With that out of the way lets just look at the most recent numbers that EMBO has disclosed which were for 2019 (see here). EMBO has (or had in 2019) 17 professional scientific editors and 6 support staff, that handled a total of 5,766 submissions in 2019. That is on the order of 28 submissions handled per month per editor, 1.3 per working day. I don't know about you but making a call on 1 paper per day plus finding/chasing reviewers is not easy if you try to do it properly, even if you can make some rejections fairly quickly. From these they ended up publishing 472 (8%). This part is not totally transparent, for example maybe some of the submissions included the reviews and news&views articles that were ultimately also published. If that is the case then the total number published would be 681 (12%). It is also not totally clear if the submissions include also revision submissions. Regardless, this shows that the total of EMBO publishing ends up having acceptance rates that are quite low (10-20%). I should stress that I truly don't know the actual number. As we easily see, this rejection rate is really key for the high estimated cost per paper.

The costs that they have disclosed includes ~2,5 million euro for the EMBO Press office, of which around 2 million is listed as salaries and benefits. The number of staff is there as well so you can guestimate the average salary for the 23 staff and you can also look up EMBO editor salary on Glassdoor to get an idea. I truly don't know what the salary is but I guess on average it could be on the order of 4-6k net per month. The other costs include 1,723,639 euro that EMBO Publishing pays to Wiley which in fact does the actual publishing. The majority of this cost is listed as "Wiley publishing services (incl. production, sales and marketing)" (1,281,552 euro). This is certainly a place where costs are not very transparent, at least to me, and where profit to Wiley is included, likely with a decent margin. I certainly don't know enough about finances to figure out but Wiley is claimed to have around 30% of operating profit margin but for the purposes of some later calculations, lets assume that maybe 50% of these costs are profit that could be magically removed (e.g. EMBO sets up their own publishing infrastructure). Finally, EMBO also lists 1,342,374 euro in "surplus" which is re-invested into some publishing related actives like the EMBO Source Data project, other pilots trying to innovate on the publishing side and back to EMBO itself which further supports EMBO program activities (fellowships, etc).

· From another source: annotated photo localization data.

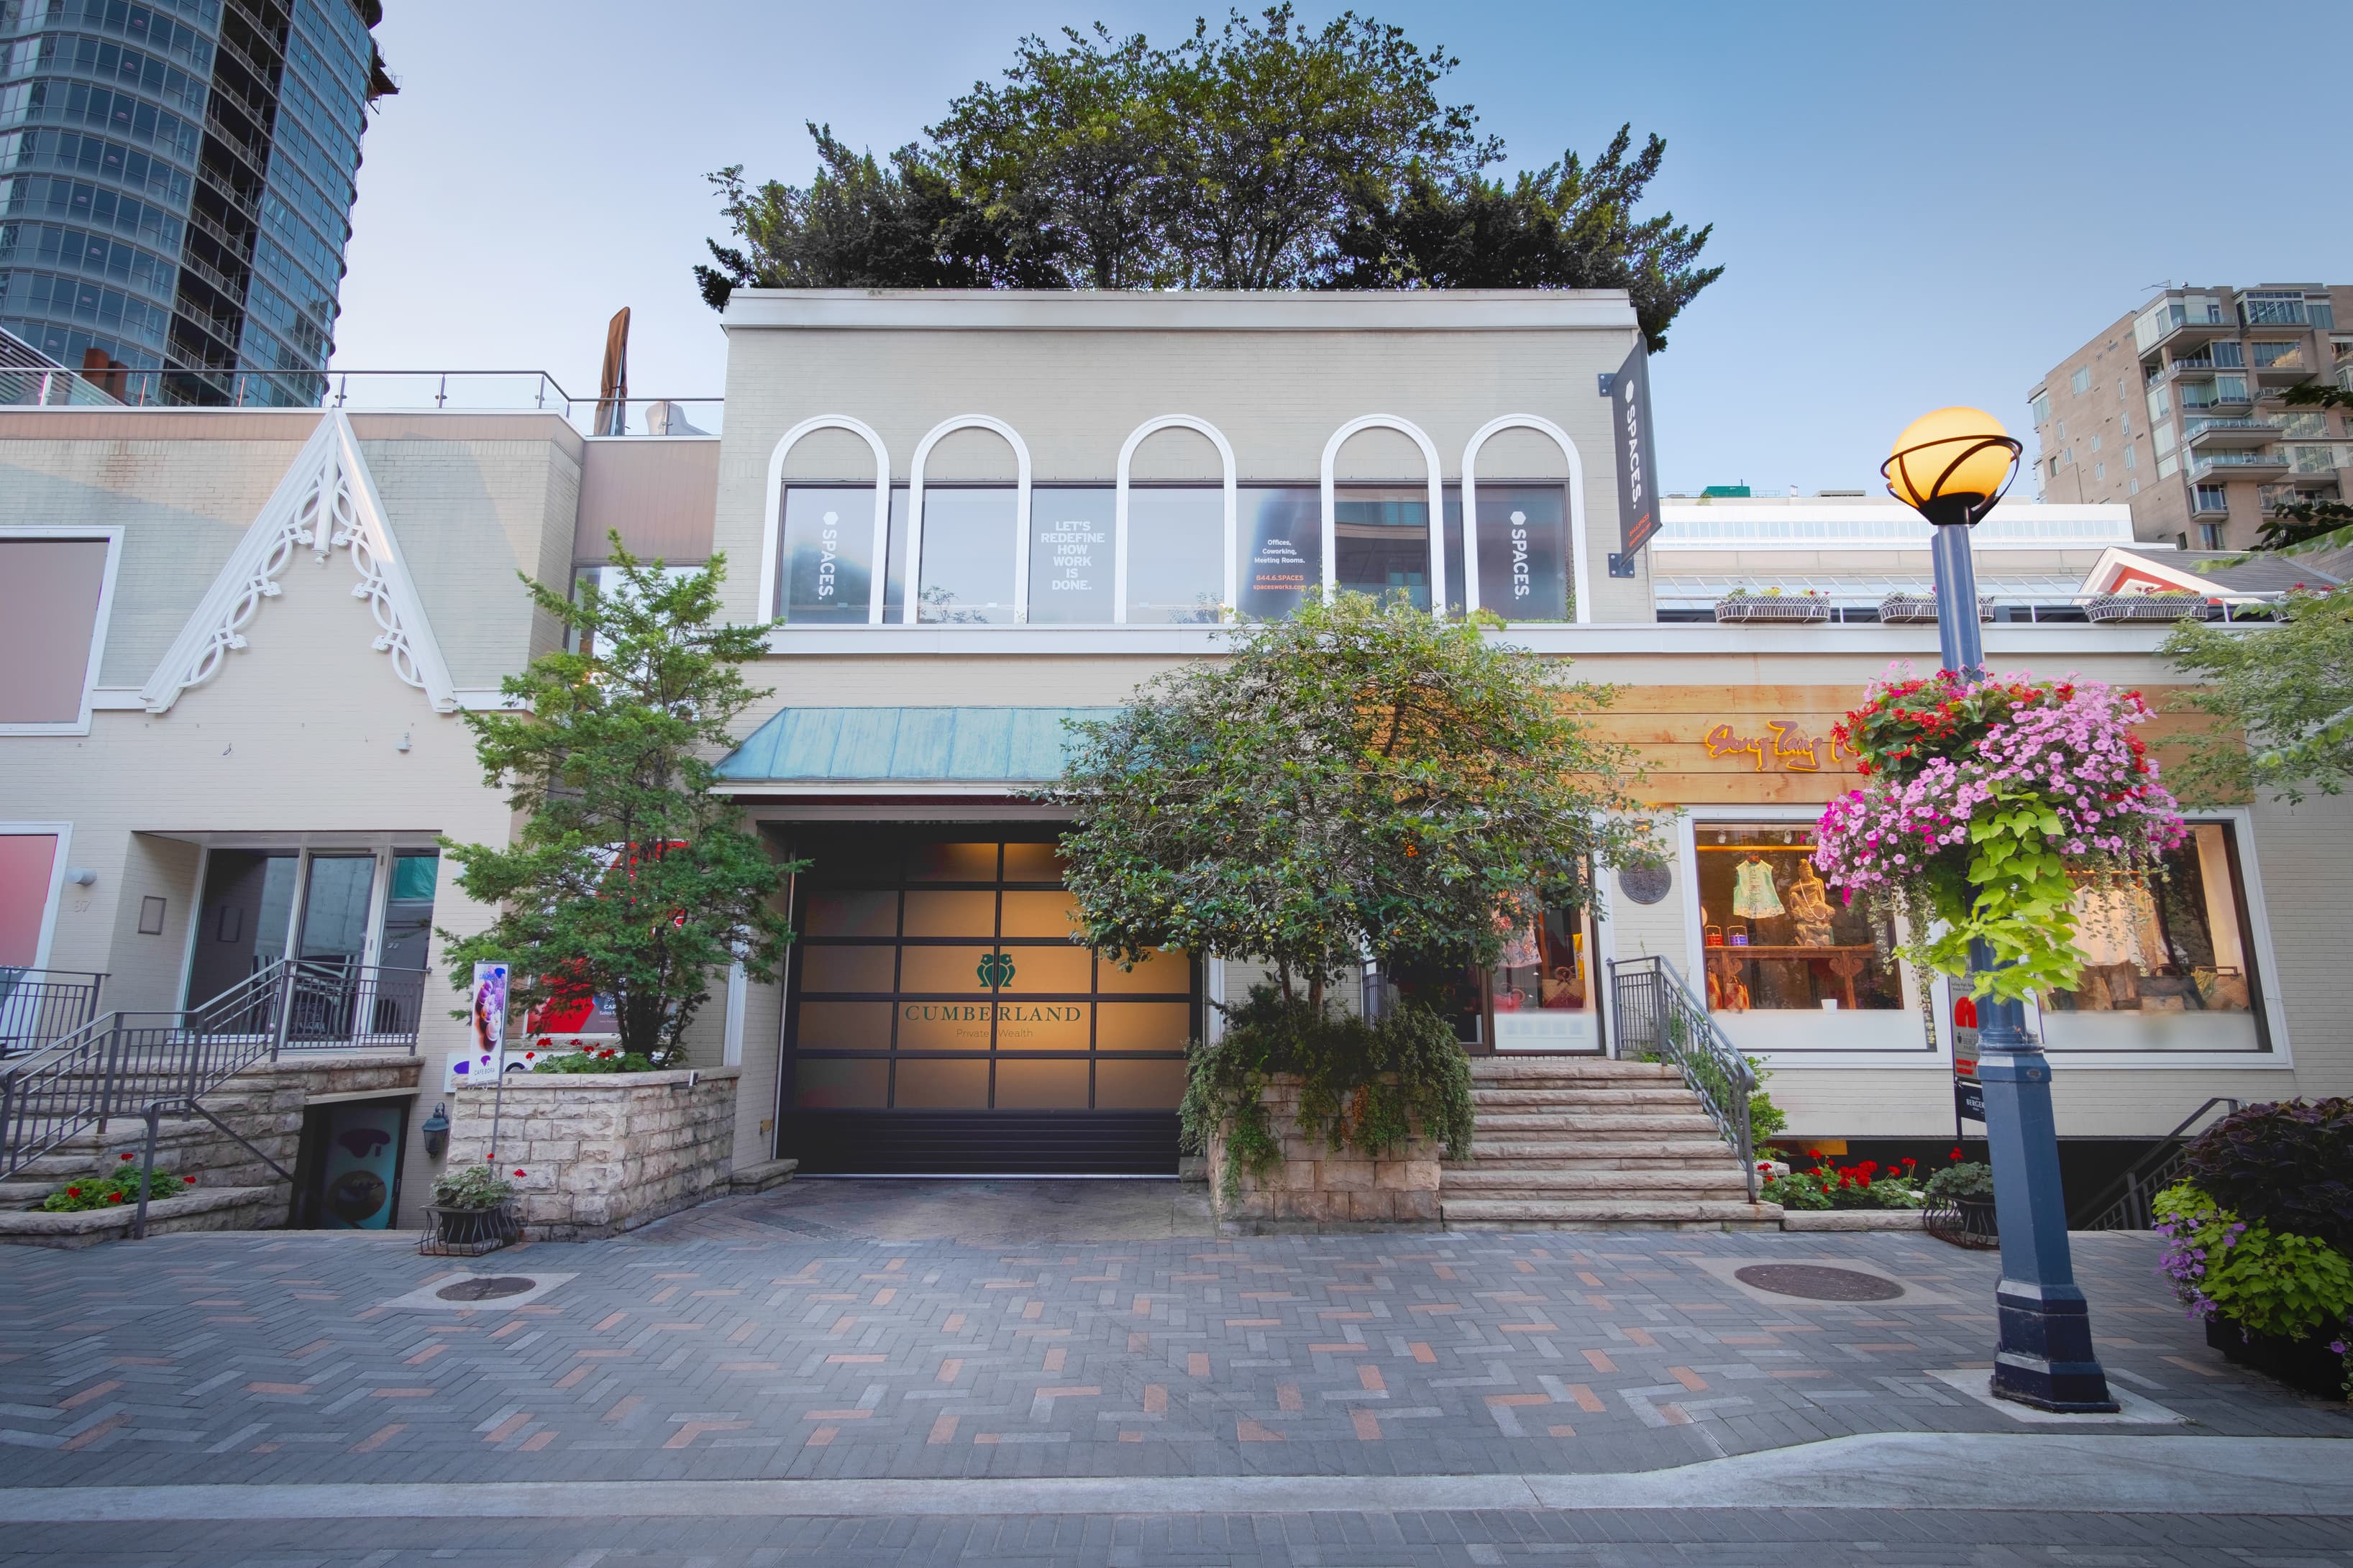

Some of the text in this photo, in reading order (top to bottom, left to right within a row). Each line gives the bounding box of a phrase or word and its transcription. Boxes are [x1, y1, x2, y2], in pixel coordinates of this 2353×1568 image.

[1627, 404, 1641, 510] SPACES.
[1055, 521, 1091, 531] LET'S
[1041, 533, 1105, 543] REDEFINE
[1057, 544, 1088, 555] HOW
[818, 528, 838, 600] SPACES.
[1053, 556, 1092, 567] WORK
[1511, 528, 1530, 600] SPACES.
[1065, 568, 1079, 579] IS
[1052, 579, 1092, 590] DONE.
[1768, 720, 1824, 771] Tang
[905, 1005, 1081, 1022] CUMBERLAND
[956, 1029, 1033, 1037] Private Wealth

With these numbers then the total cost includes the 4,225,920 of actual cost and the 1,342,374 for EMBO activities (5,568,294 euro total). So if you don't take anything out of this, you would need a price of 11797 euro for each of the 472 paper published in 2019 to finance this. If you exclude the EMBO surplus that would be 8953 per paper and excluding 50% of Wiley costs it would get down to 7127 per paper. Even without anything from Wiley you would only get to 5301 per paper. Of course, you can also argue that the salaries costs could be lower but what can't really be argued is that academic editors can do this for "free" since that is time that most likely is even more expensive and less efficient.

So the 10k APC number certainly contains parts that can be reduced but we are not talking about a 1k per paper cost. For that you would need to change the rejection rates and this is what really starts mattering in the end. If you go to maybe something like 50% acceptance rates which could correspond to something like 2000 papers published in this case, then the APC could be somewhere on the order of 1500-2500 euro. Keep also in mind that submission numbers would tend to decrease over time if the impact factors go down with higher acceptance rates (yes, some people still care about those). Of course, this scales across multiple journals and this is where the big publishers are just taking advantage since the overall acceptance rate across the large portfolio of journals is much higher than 10% and high acceptance rate journals (e.g. Scientific Reports) can cross-subsidise low acceptance rate journals (Nature).

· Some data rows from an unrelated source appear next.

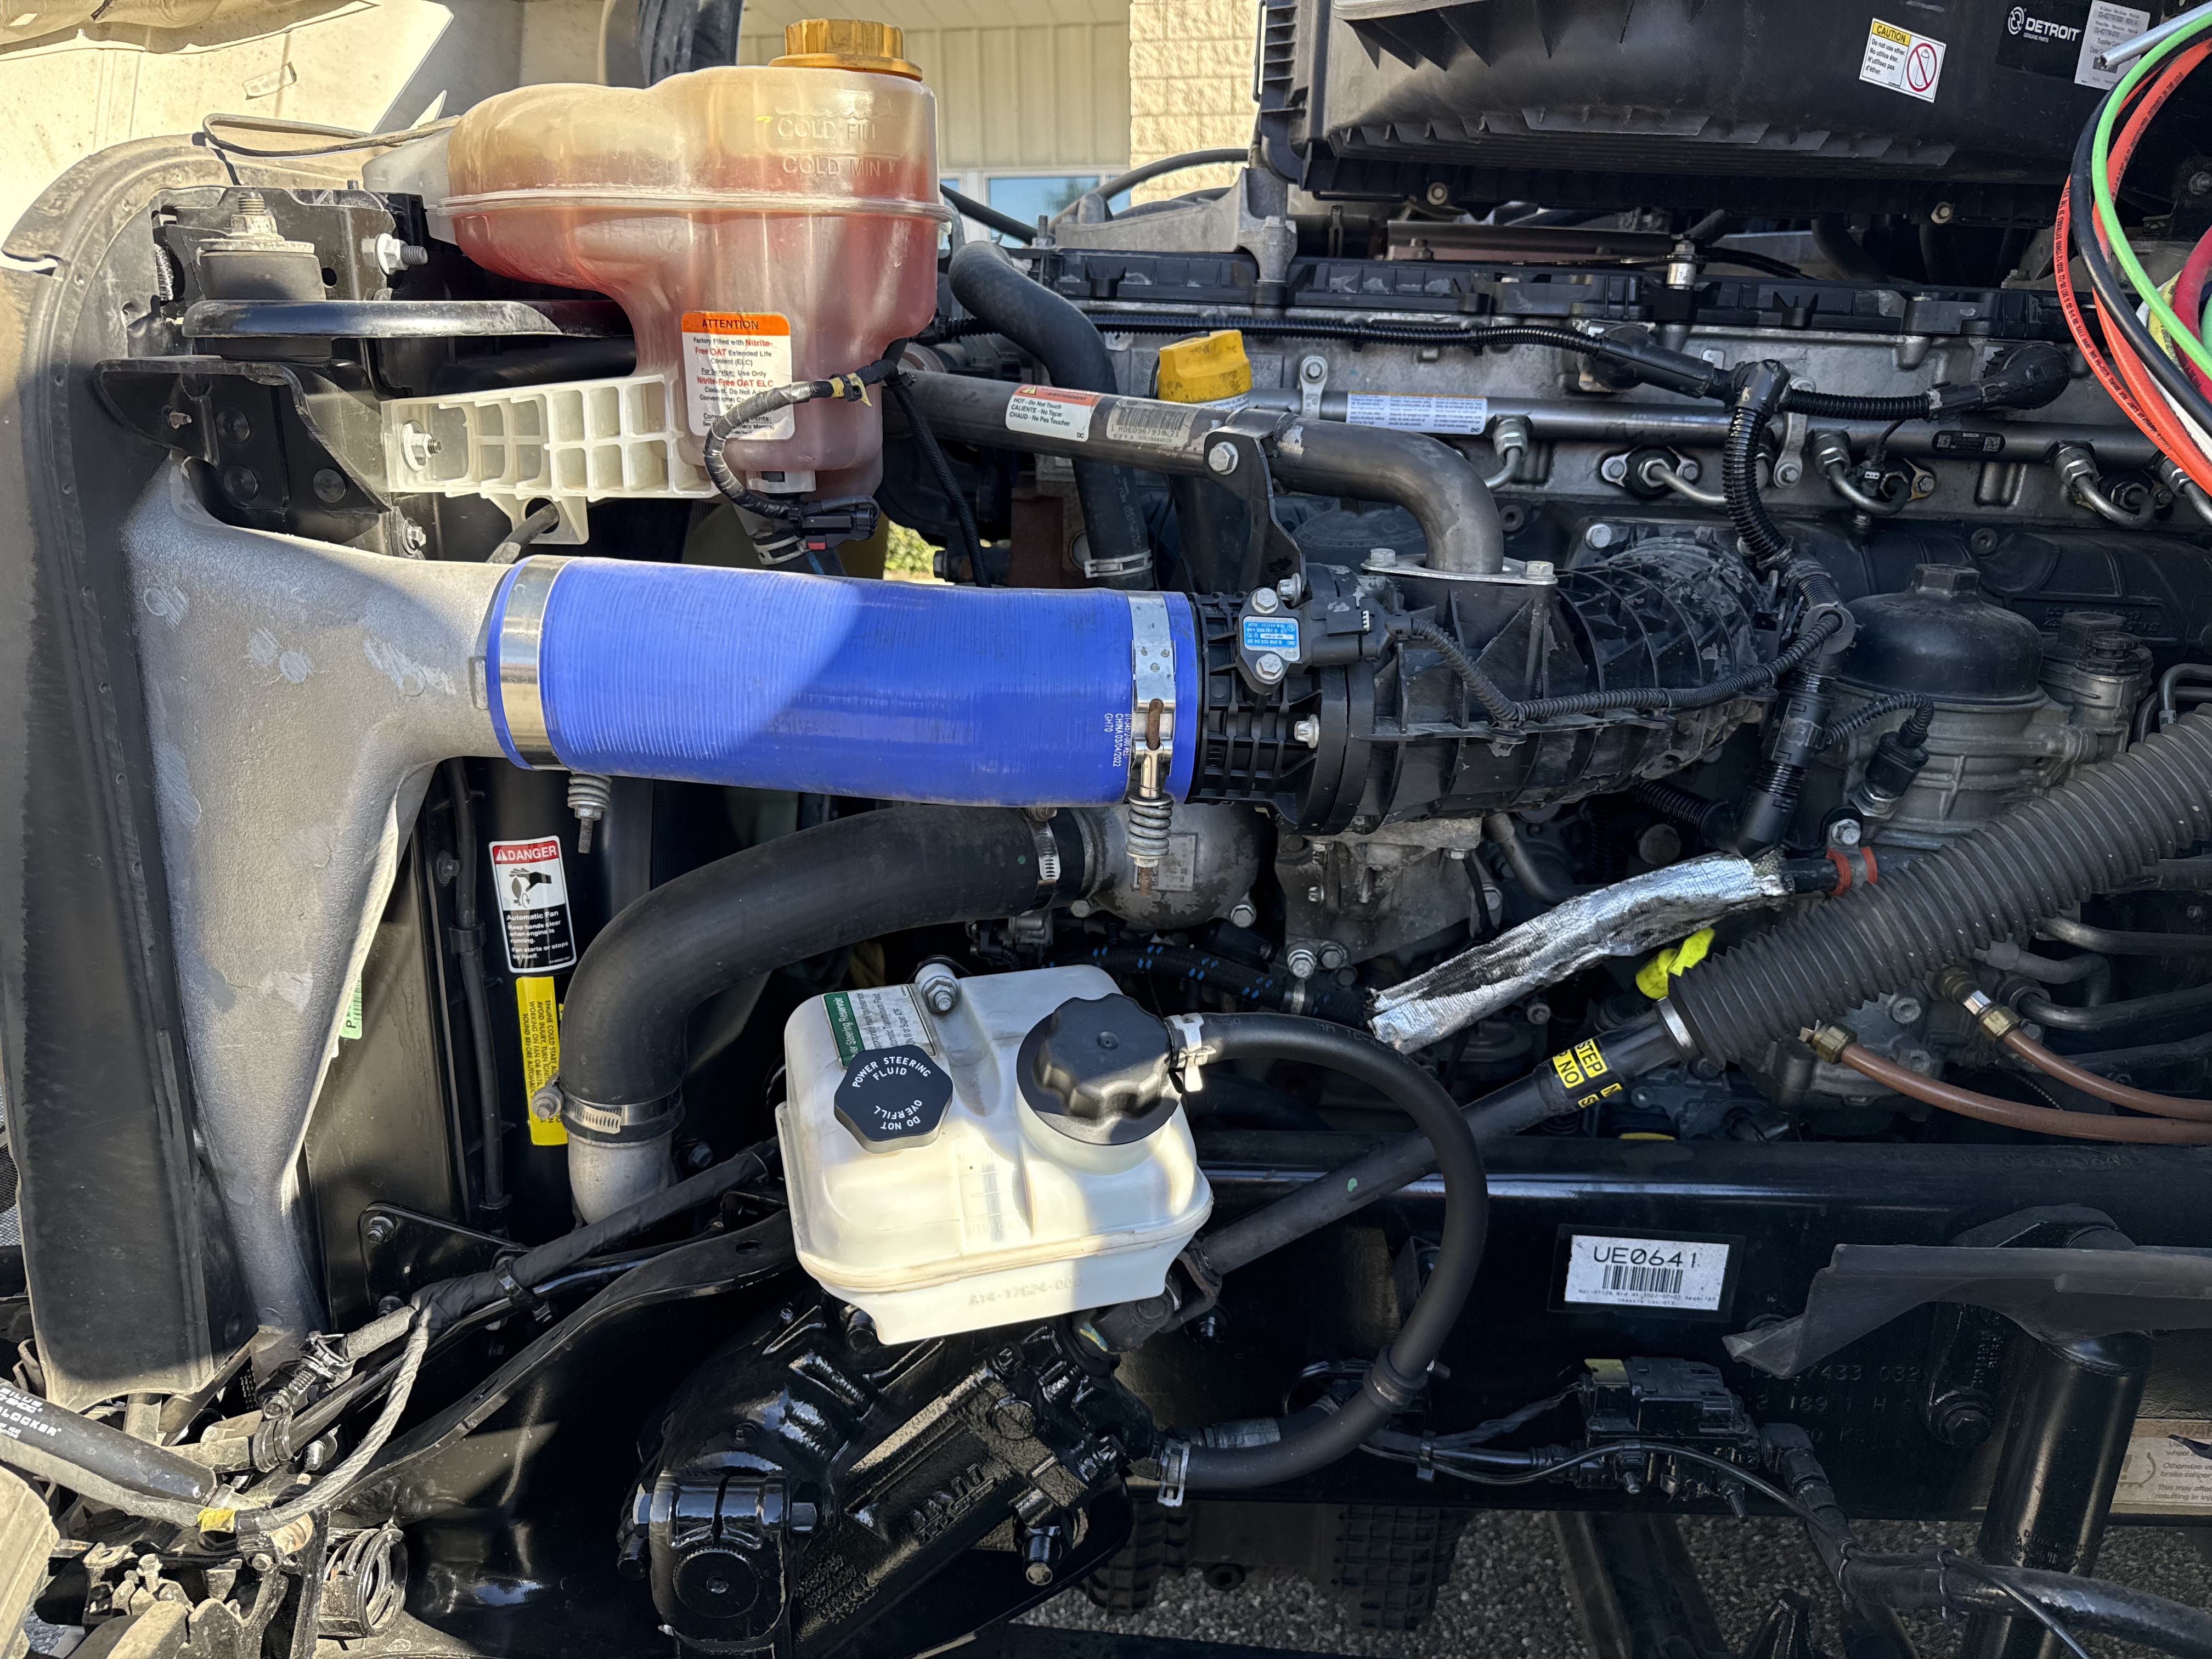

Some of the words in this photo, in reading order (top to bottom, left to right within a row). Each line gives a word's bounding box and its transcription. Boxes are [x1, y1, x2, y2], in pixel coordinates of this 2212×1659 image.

[1877, 25, 1906, 43] CAUTION
[2025, 18, 2080, 41] DETROIT
[778, 119, 834, 139] COLD
[783, 156, 840, 176] COLD
[851, 159, 880, 177] MIN
[702, 319, 758, 329] ATTENTION
[1104, 713, 1113, 732] GH70
[1115, 714, 1123, 734] CHINA
[1113, 735, 1123, 767] 03/04/2022
[508, 845, 557, 861] DANGER
[507, 912, 543, 921] Automatic
[551, 941, 568, 950] stops
[529, 1001, 537, 1032] WORKING
[833, 997, 849, 1022] Reservoir
[533, 1033, 538, 1043] ON
[841, 1022, 856, 1048] Steering
[535, 1059, 541, 1069] OR
[1577, 1040, 1603, 1073] STEP
[527, 1060, 536, 1094] AUTOMATIC
[852, 1061, 878, 1087] POWER
[883, 1056, 930, 1077] STEERING
[873, 1067, 907, 1080] FLUID
[1558, 1060, 1579, 1084] NO
[874, 1099, 922, 1120] OVERFILL
[881, 1122, 901, 1130] NOT
[907, 1115, 921, 1127] DO
[1594, 1246, 1696, 1268] UE0641

It is important again to keep in mind that all of these prices per paper have been there for decades but were paid via journals subscription charges instead of APCs and therefore they were not transparent and people were not really paying attention. In the end, the discussion for me is not really around the 30% savings we could have by pushing the publishers to lower their prices, but more about how we go about doing the filtering (i.e. target audience) and subjective evaluation of value to science (i.e. impact). Revolutions are not real solutions in academic publishing. If you propose a solution that requires a majority of people to change their habits in the span of 3 years it is dead on arrival.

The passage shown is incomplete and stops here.